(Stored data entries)
###

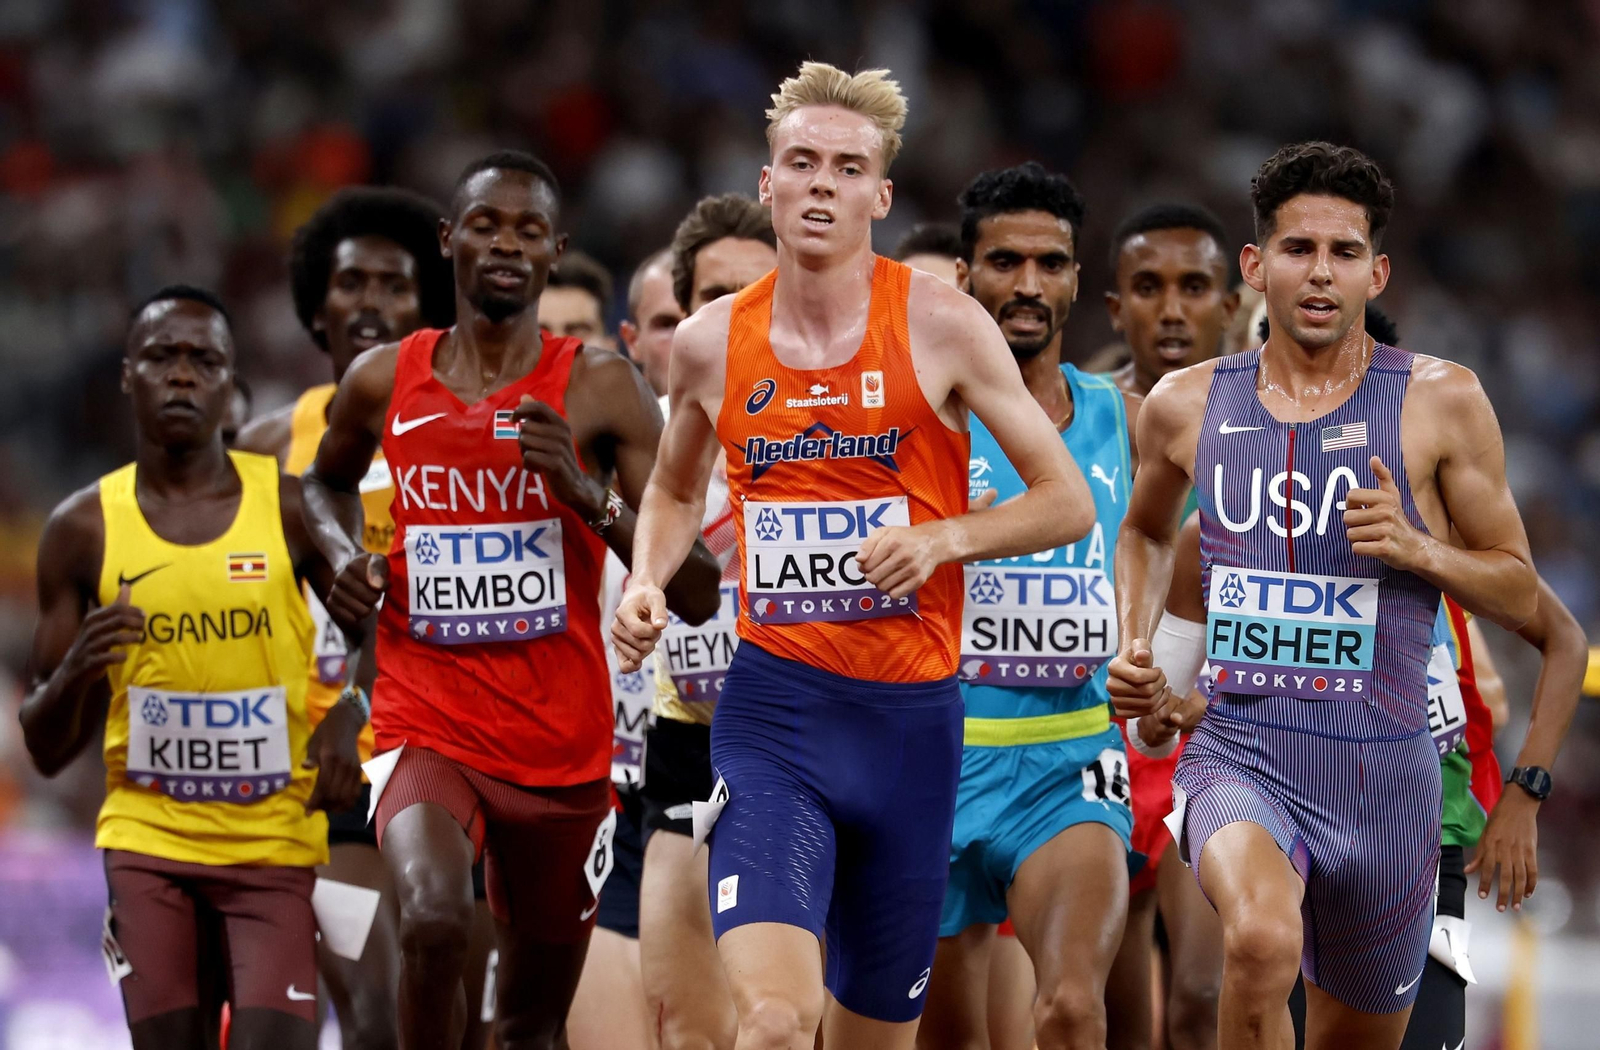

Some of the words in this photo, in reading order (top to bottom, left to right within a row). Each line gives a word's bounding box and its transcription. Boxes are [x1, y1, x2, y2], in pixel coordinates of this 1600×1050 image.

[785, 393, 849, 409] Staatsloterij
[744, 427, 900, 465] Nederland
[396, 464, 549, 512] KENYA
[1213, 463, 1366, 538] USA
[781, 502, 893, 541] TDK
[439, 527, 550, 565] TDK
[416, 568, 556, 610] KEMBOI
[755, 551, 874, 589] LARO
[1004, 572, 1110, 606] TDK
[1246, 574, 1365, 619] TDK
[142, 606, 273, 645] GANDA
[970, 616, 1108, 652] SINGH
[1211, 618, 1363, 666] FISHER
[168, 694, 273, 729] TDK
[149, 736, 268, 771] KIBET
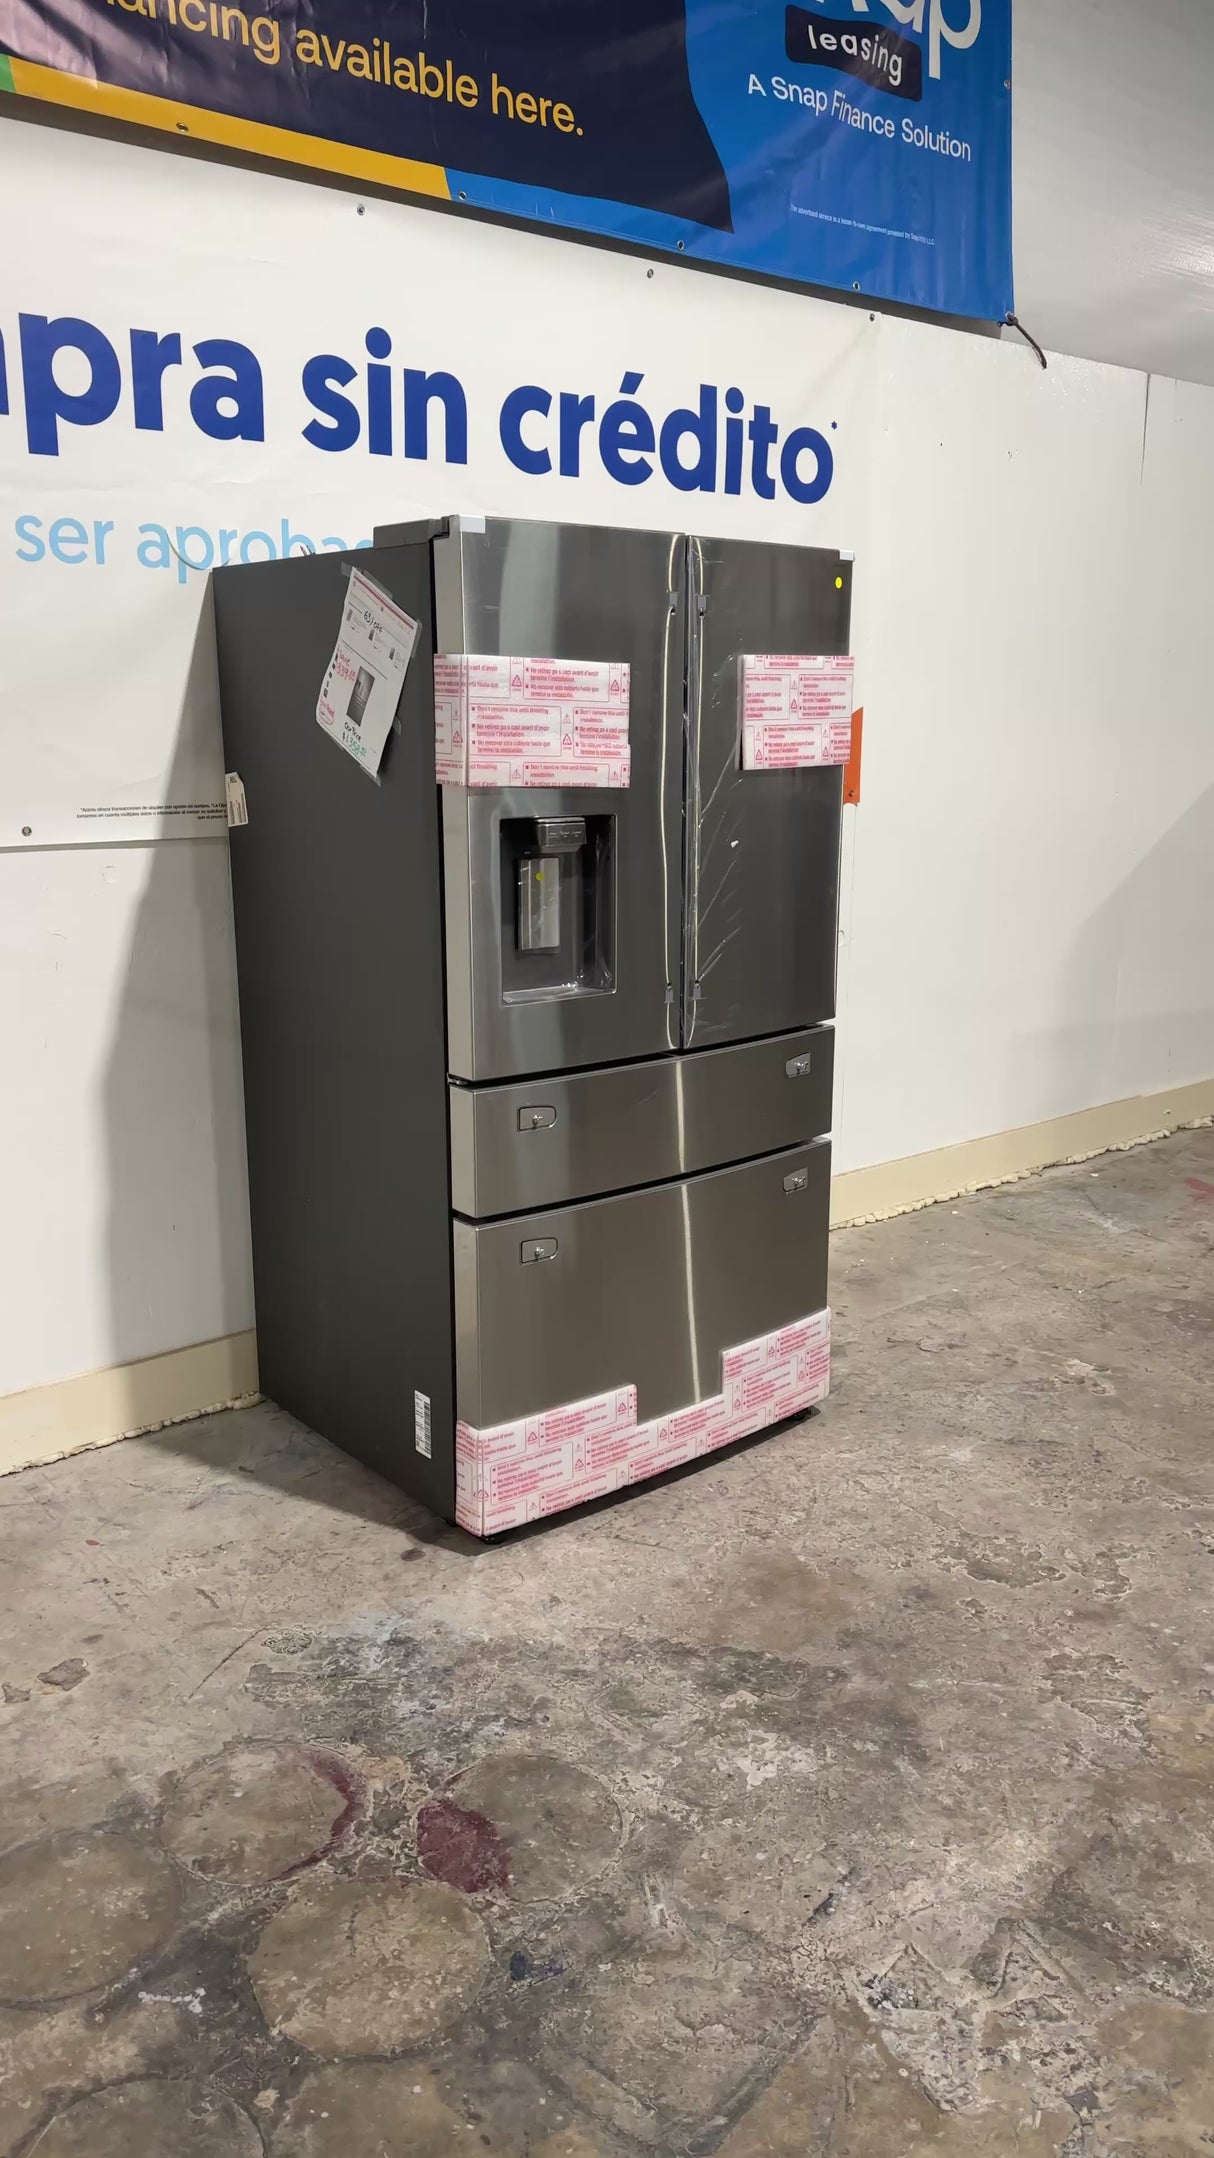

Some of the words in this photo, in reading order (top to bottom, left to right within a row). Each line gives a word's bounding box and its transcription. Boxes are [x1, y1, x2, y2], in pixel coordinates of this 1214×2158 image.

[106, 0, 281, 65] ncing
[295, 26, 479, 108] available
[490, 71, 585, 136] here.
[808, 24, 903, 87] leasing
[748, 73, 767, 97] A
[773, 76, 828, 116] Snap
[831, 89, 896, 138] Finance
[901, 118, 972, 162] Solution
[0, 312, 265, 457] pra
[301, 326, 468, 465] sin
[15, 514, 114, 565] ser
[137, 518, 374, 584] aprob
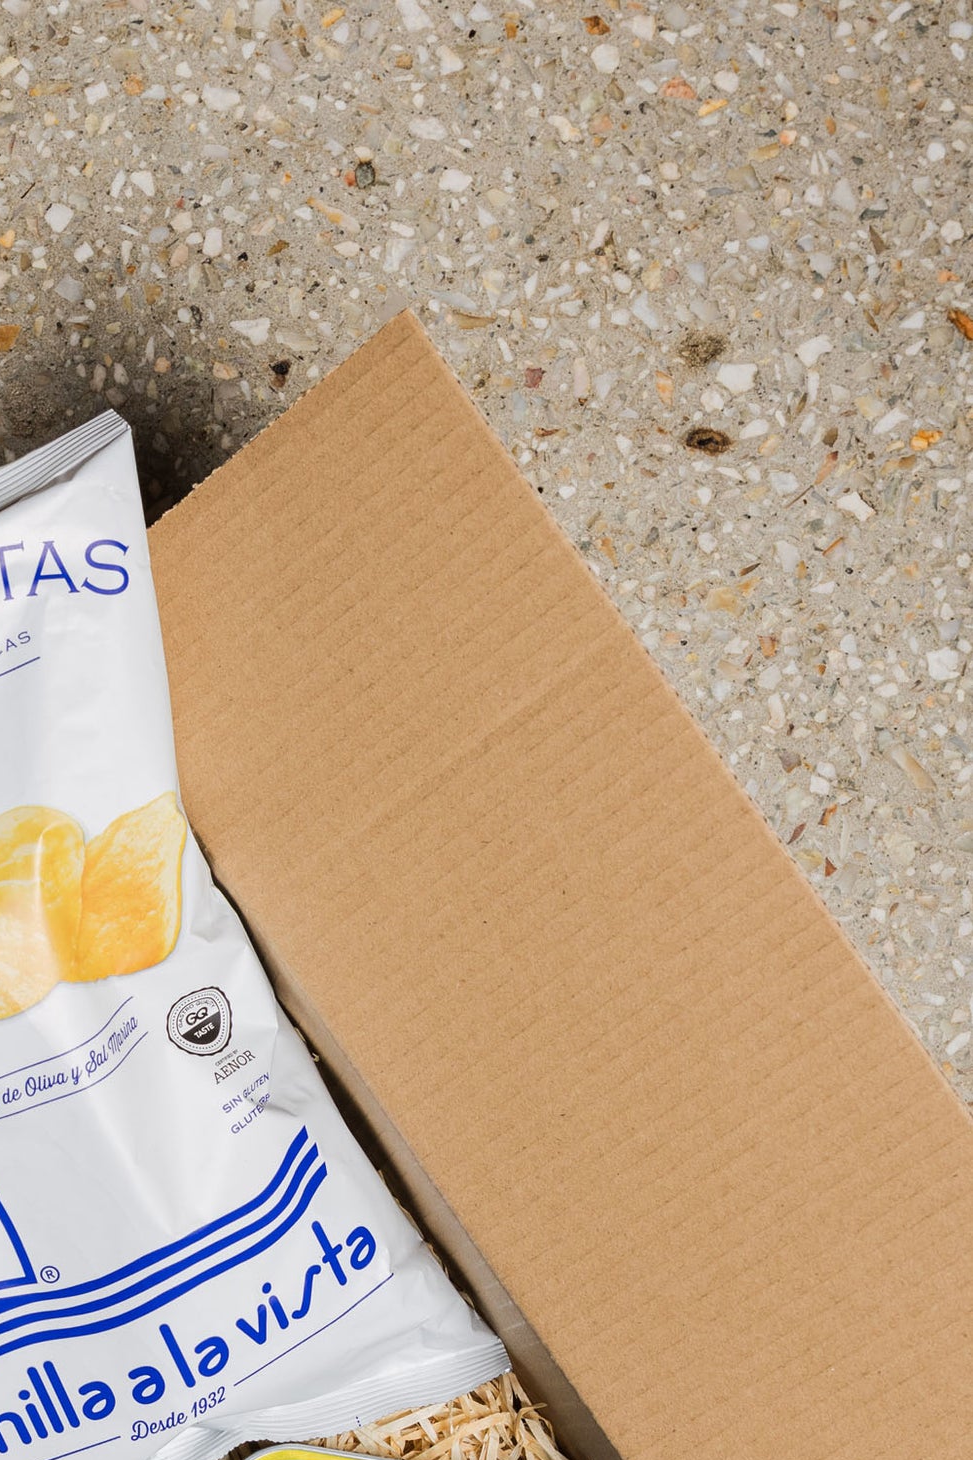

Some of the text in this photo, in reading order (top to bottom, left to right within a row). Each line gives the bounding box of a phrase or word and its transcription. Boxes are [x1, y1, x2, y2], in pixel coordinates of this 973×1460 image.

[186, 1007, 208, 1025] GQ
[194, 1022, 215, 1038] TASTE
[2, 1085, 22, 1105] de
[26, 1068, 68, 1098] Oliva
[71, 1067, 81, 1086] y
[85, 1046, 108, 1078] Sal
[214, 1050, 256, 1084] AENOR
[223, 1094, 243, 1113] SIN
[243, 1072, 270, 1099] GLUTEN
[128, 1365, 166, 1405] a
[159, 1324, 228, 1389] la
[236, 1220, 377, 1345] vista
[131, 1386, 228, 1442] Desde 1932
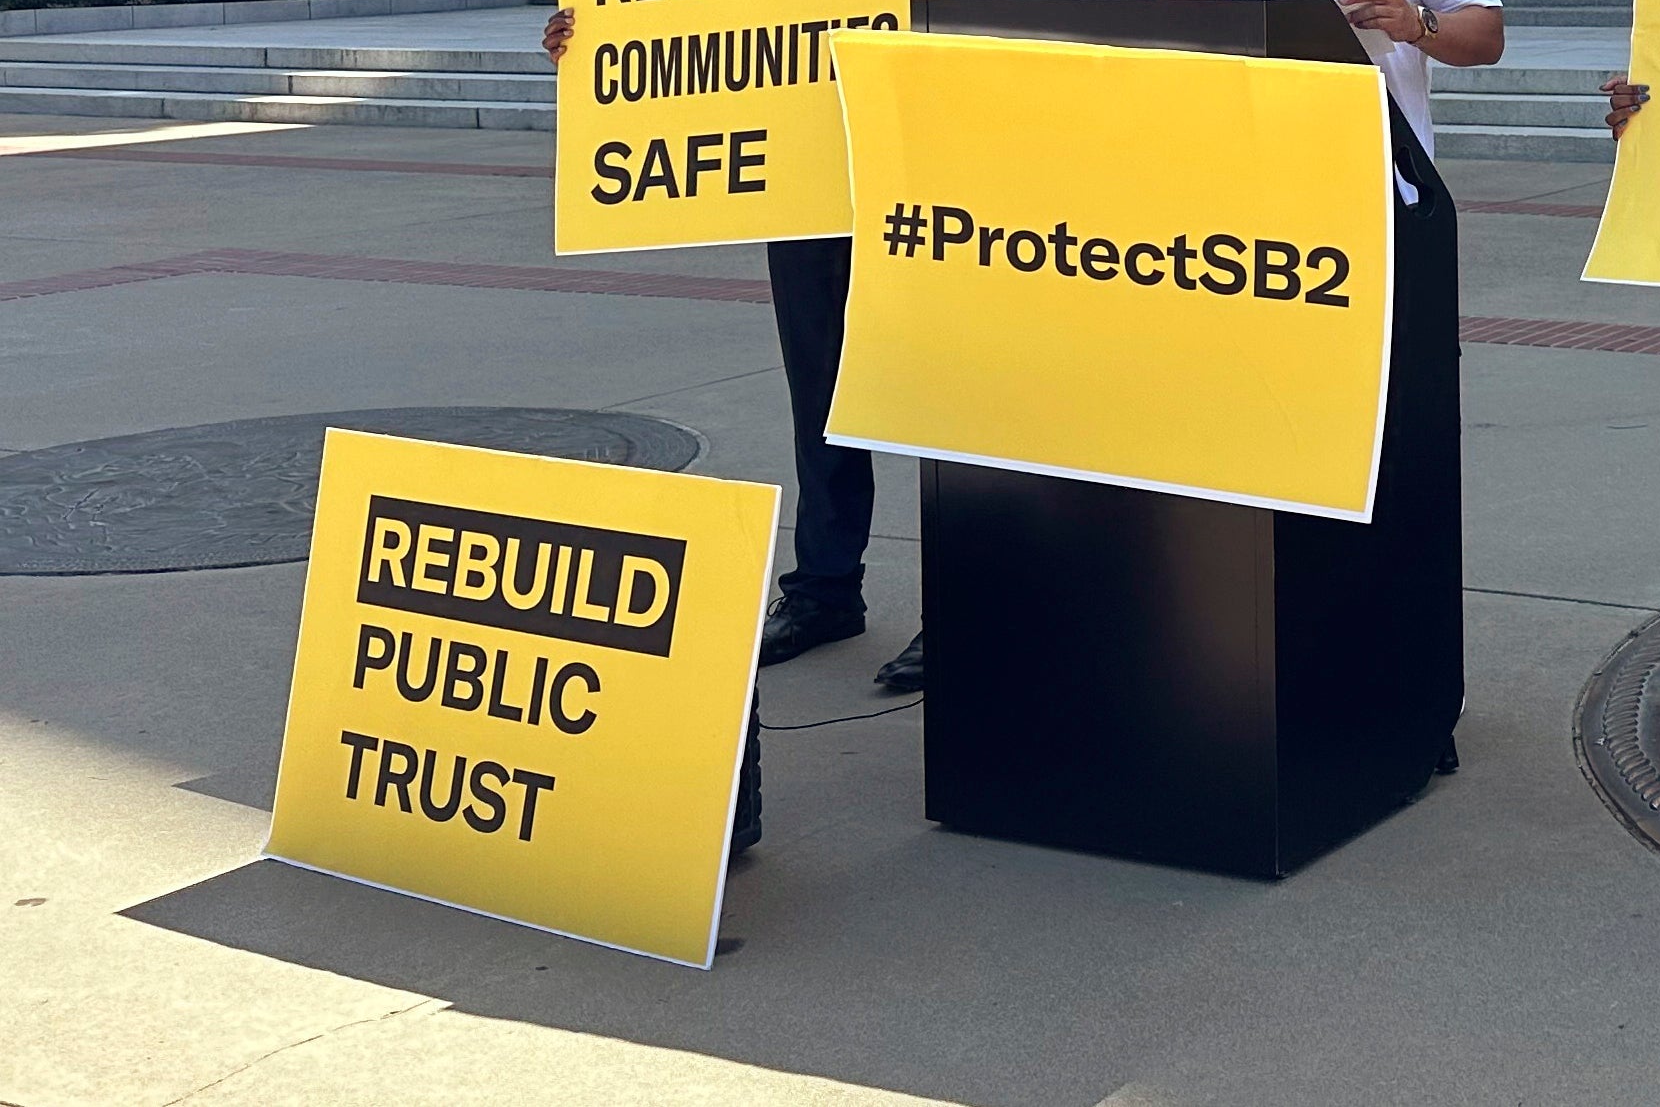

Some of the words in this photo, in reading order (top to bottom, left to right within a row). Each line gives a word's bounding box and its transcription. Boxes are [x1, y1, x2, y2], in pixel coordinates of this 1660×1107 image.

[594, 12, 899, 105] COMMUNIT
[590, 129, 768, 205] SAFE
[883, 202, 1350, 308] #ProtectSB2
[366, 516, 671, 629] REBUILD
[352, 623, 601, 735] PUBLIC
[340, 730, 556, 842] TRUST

###

§ **TASK PROMPT**
Nothing but the lines from the one containing "Some of the text" through the last line of the data should appear in the answer, copied exactly, with pictures excluded.

§ **OUTPUT FOR THIS EXERCISE**
Some of the text in this photo, in reading order (top to bottom, left to right within a row). Each line gives the bounding box of a phrase or word and its transcription. Boxes are [x1, y1, x2, y2], in pixel coordinates of this 973×1460 image.

[186, 1007, 208, 1025] GQ
[194, 1022, 215, 1038] TASTE
[2, 1085, 22, 1105] de
[26, 1068, 68, 1098] Oliva
[71, 1067, 81, 1086] y
[85, 1046, 108, 1078] Sal
[214, 1050, 256, 1084] AENOR
[223, 1094, 243, 1113] SIN
[243, 1072, 270, 1099] GLUTEN
[128, 1365, 166, 1405] a
[159, 1324, 228, 1389] la
[236, 1220, 377, 1345] vista
[131, 1386, 228, 1442] Desde 1932

Some of the words in this photo, in reading order (top to bottom, left to right within a row). Each line gives a word's bounding box and its transcription. Boxes are [x1, y1, x2, y2], in pixel coordinates of this 1660×1107 image.

[594, 12, 899, 105] COMMUNIT
[590, 129, 768, 205] SAFE
[883, 202, 1350, 308] #ProtectSB2
[366, 516, 671, 629] REBUILD
[352, 623, 601, 735] PUBLIC
[340, 730, 556, 842] TRUST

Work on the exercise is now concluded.